Experimental GGUF-2-PTE Converter #13266

dillondesilva · 2025-08-10T12:47:28Z

Summary

This PR is not intended for merge. Instead, it is designed to demonstrate a potential method under which .gguf files can be converted to .pte by leveraging some of the existing transformers ecosystem.

The key idea is the following:

A GGUF model is loaded via the transformers library into a suitable auto class.
Sample tokens are generated using the model tokeniser and a dummy sentence.
GGUF models are then torch exported
The exported torch program is then lowered and exported to an Executorch format .pte

Early Learnings & Limitations

Attached code generates a `.pte` model that is yet to be tested

The experiment in this PR converts SmolLM2-135M-Instruct-Q8_0.gguf into a .pte file. However, testing if this model works as expected within the executorch runtime is to be confirmed. This may also require some conversion of the tokenizer (I'm not too sure but would be interested to know, its probably in the docs somewhere)?

Torch export errors can be...scary

Conceptually, I thought that running this experiment would hopefully not be too difficult. However some of the setup issues around getting a reliable torch export for certain models proved to be quite challenging. This could just be due to my lack of knowledge on torch.export, however I think it may also offer insight into the opinion of a developer who wants to focus more on having a smooth experience with converting to .pte files.

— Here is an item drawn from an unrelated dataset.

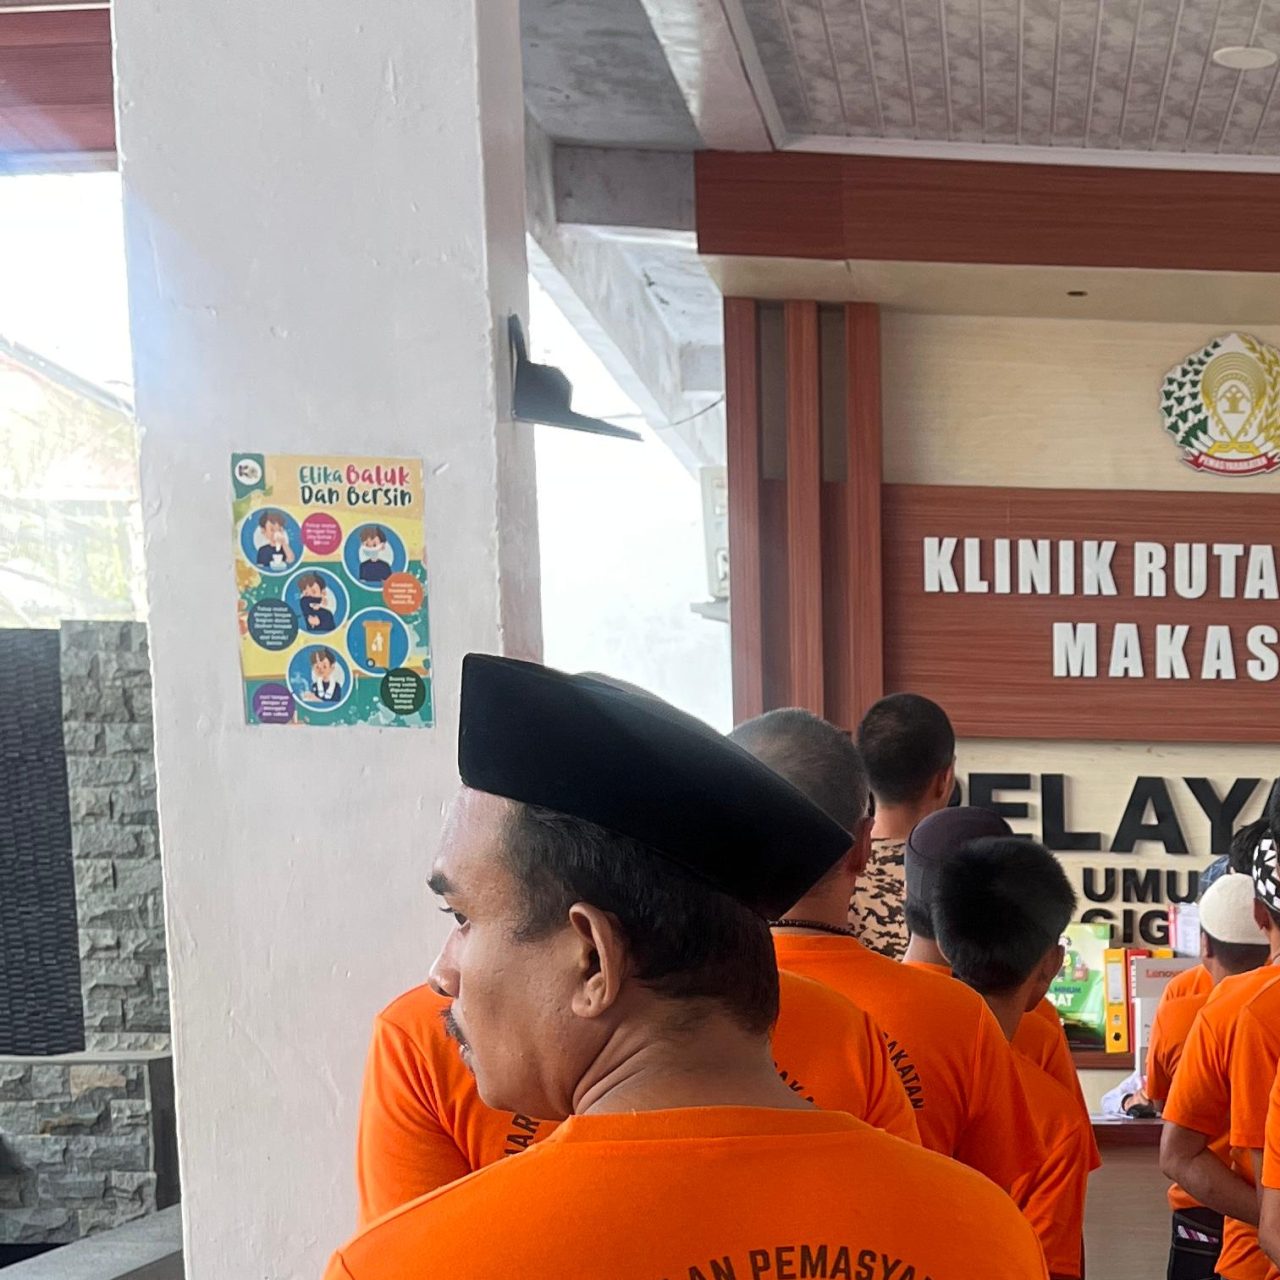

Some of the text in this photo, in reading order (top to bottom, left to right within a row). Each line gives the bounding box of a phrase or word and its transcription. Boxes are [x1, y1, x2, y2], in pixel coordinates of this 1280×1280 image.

[300, 485, 412, 506] Dan Bersin
[922, 536, 1118, 596] KLINIK

Smoothness of conversion depends largely on model being converted: Tried converting a GGUF for LFM-2 using the same code attached (only changing model_id and filename) and its crazy how scary some of the errors became. Complex traces and rooted in various operators/potentially unsupported ops appeared in the logs. Of course, LFM-2 is quite a new model so perhaps I gave it an unfair example but nonetheless, it could be interesting to see where's the limit of models that can comfortably converted via this workflow.

cc @lucylq

…workflow is shown. Functional but prone to lots of random whacky torch export errors

pytorch-bot · 2025-08-10T12:47:32Z

🔗 Helpful Links

🧪 See artifacts and rendered test results at hud.pytorch.org/pr/pytorch/executorch/13266

📄 Preview Python docs built from this PR

Note: Links to docs will display an error until the docs builds have been completed.

✅ No Failures

As of commit 2ced5c5 with merge base c8a0706 ():
💚 Looks good so far! There are no failures yet. 💚

This comment was automatically generated by Dr. CI and updates every 15 minutes.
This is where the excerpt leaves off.